Records drawn from a dataset:
# # # # # # #

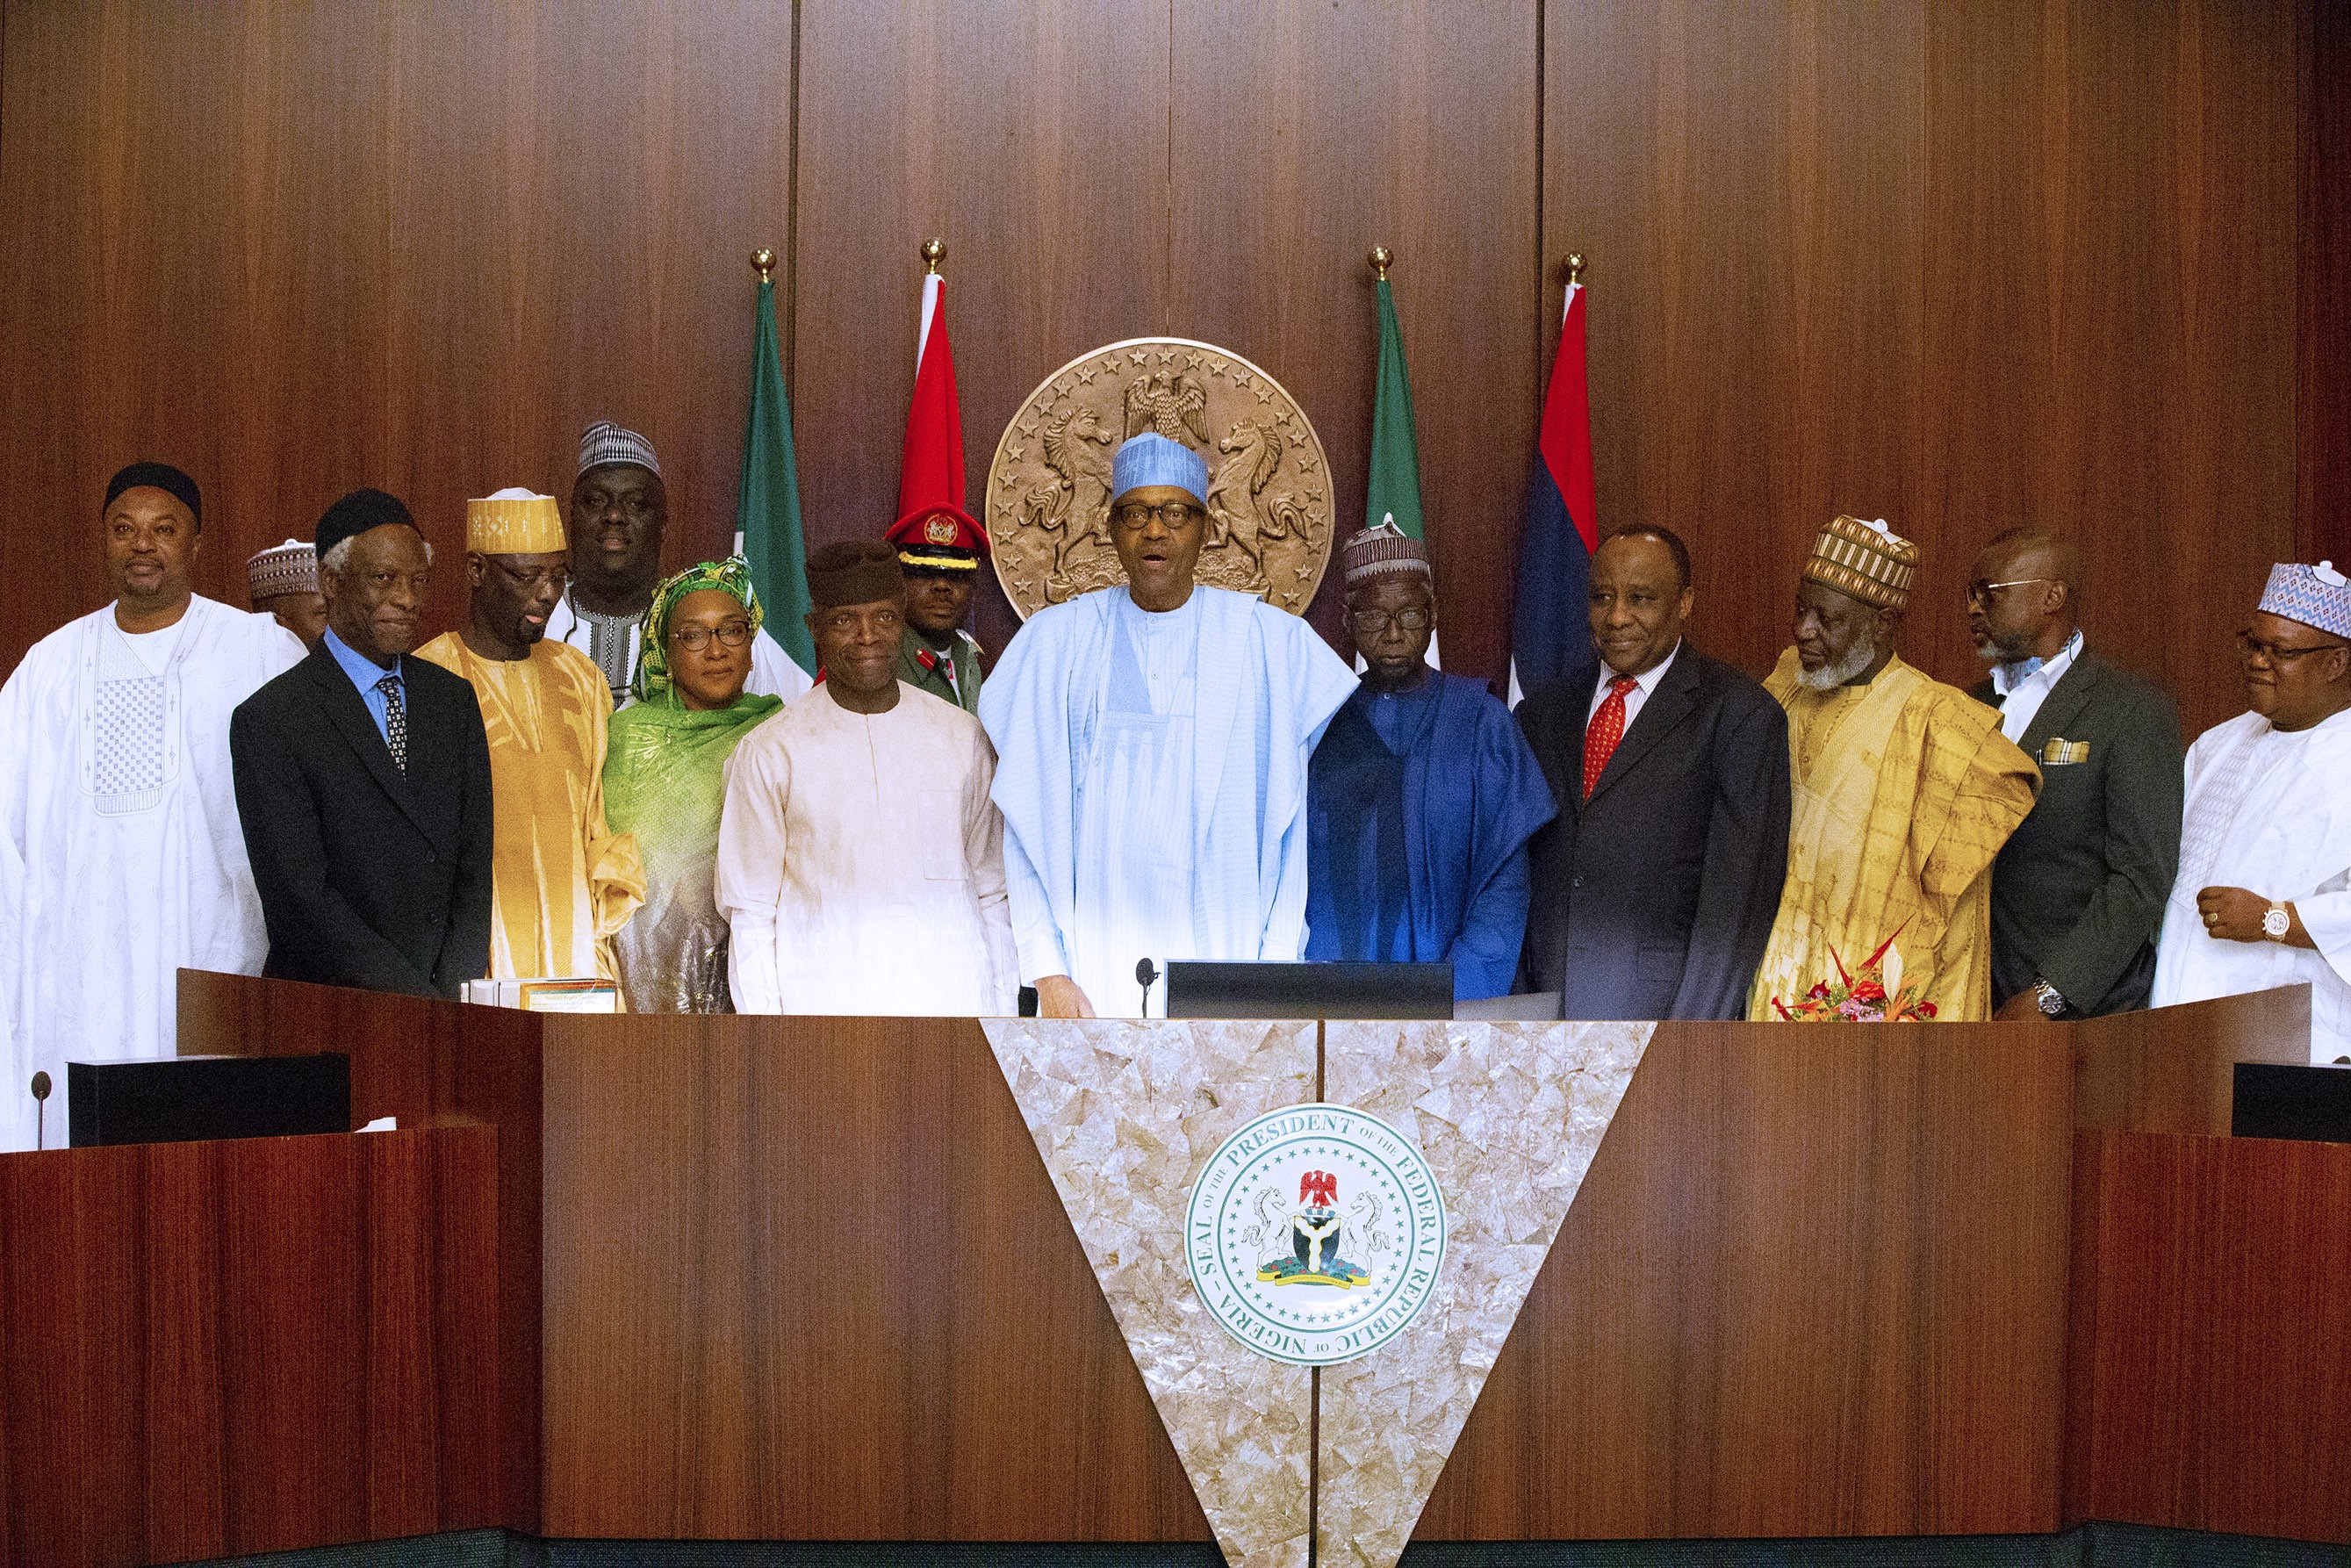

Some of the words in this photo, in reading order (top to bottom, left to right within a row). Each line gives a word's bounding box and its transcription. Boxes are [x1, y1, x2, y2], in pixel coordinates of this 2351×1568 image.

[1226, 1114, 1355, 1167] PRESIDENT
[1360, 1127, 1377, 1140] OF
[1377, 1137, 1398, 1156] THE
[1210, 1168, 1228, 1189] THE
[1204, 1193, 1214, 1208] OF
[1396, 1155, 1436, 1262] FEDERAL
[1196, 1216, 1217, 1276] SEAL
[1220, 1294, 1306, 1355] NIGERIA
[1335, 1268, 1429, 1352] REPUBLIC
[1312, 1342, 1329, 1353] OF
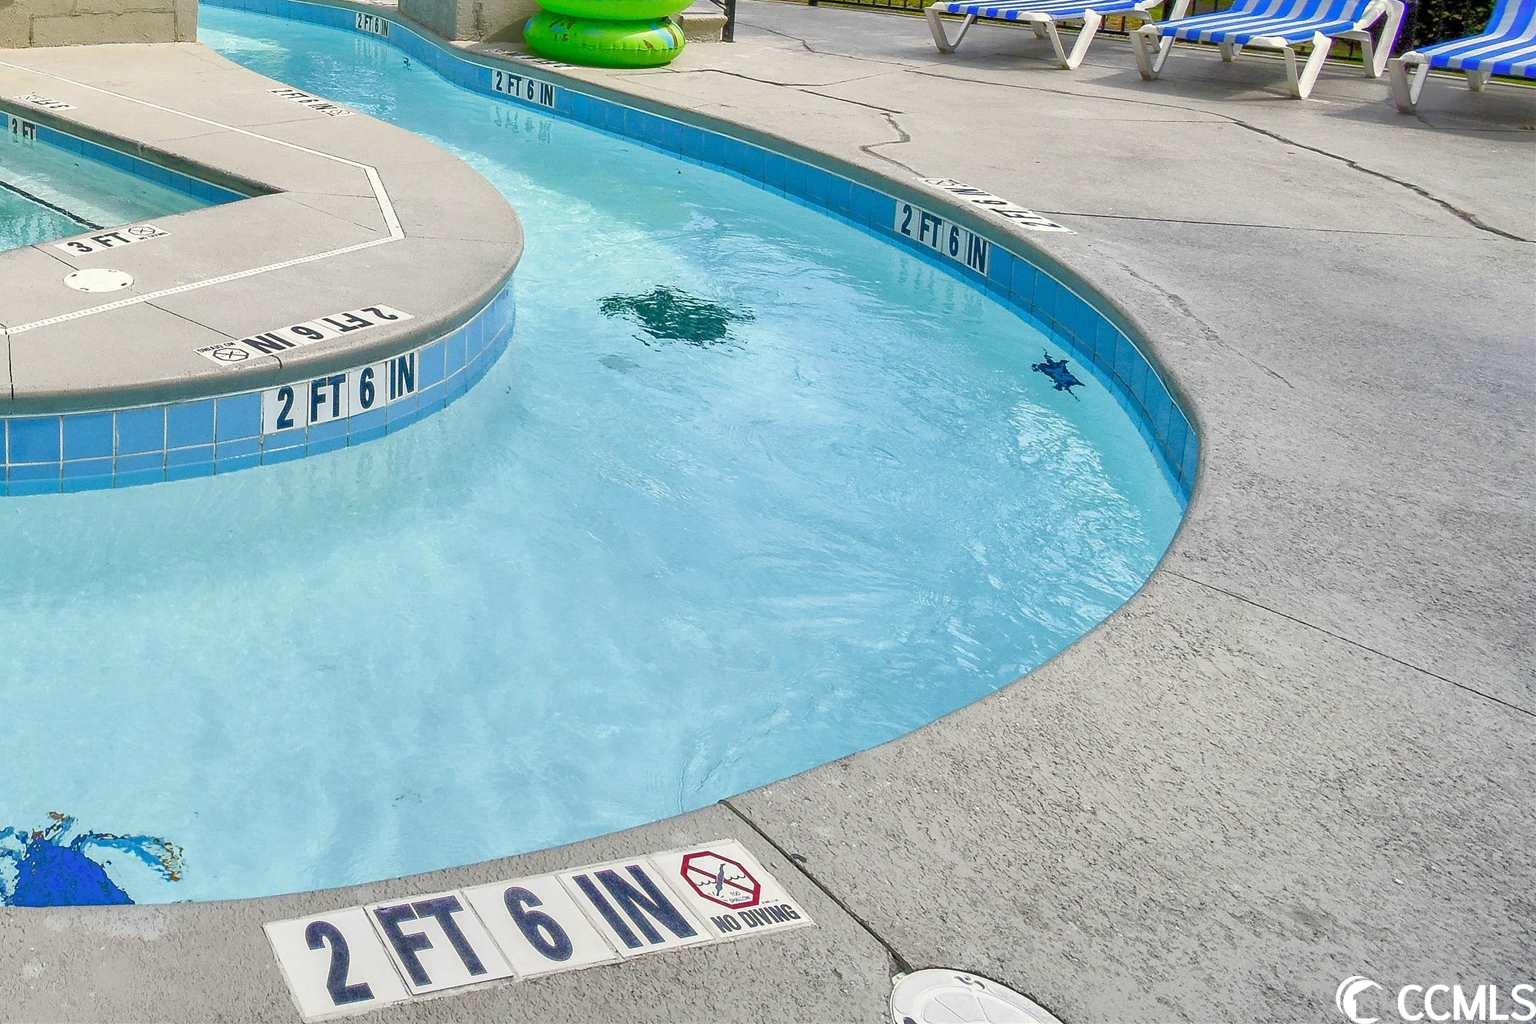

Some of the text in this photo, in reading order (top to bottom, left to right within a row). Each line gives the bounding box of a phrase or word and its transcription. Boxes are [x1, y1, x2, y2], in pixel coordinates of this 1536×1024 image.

# # # # # # #

EXERCISE INSTRUCTIONS = Set the data above down again exactly as given, with no pictures.

PROBLEM SOLUTION =
Some of the words in this photo, in reading order (top to bottom, left to right within a row). Each line gives a word's bounding box and its transcription. Boxes are [x1, y1, x2, y2], in pixel coordinates of this 2351×1568 image.

[1226, 1114, 1355, 1167] PRESIDENT
[1360, 1127, 1377, 1140] OF
[1377, 1137, 1398, 1156] THE
[1210, 1168, 1228, 1189] THE
[1204, 1193, 1214, 1208] OF
[1396, 1155, 1436, 1262] FEDERAL
[1196, 1216, 1217, 1276] SEAL
[1220, 1294, 1306, 1355] NIGERIA
[1335, 1268, 1429, 1352] REPUBLIC
[1312, 1342, 1329, 1353] OF

Some of the text in this photo, in reading order (top to bottom, left to right within a row). Each line gives the bounding box of a phrase or word and its transcription. Boxes are [x1, y1, x2, y2], in pixel coordinates of this 1536×1024 image.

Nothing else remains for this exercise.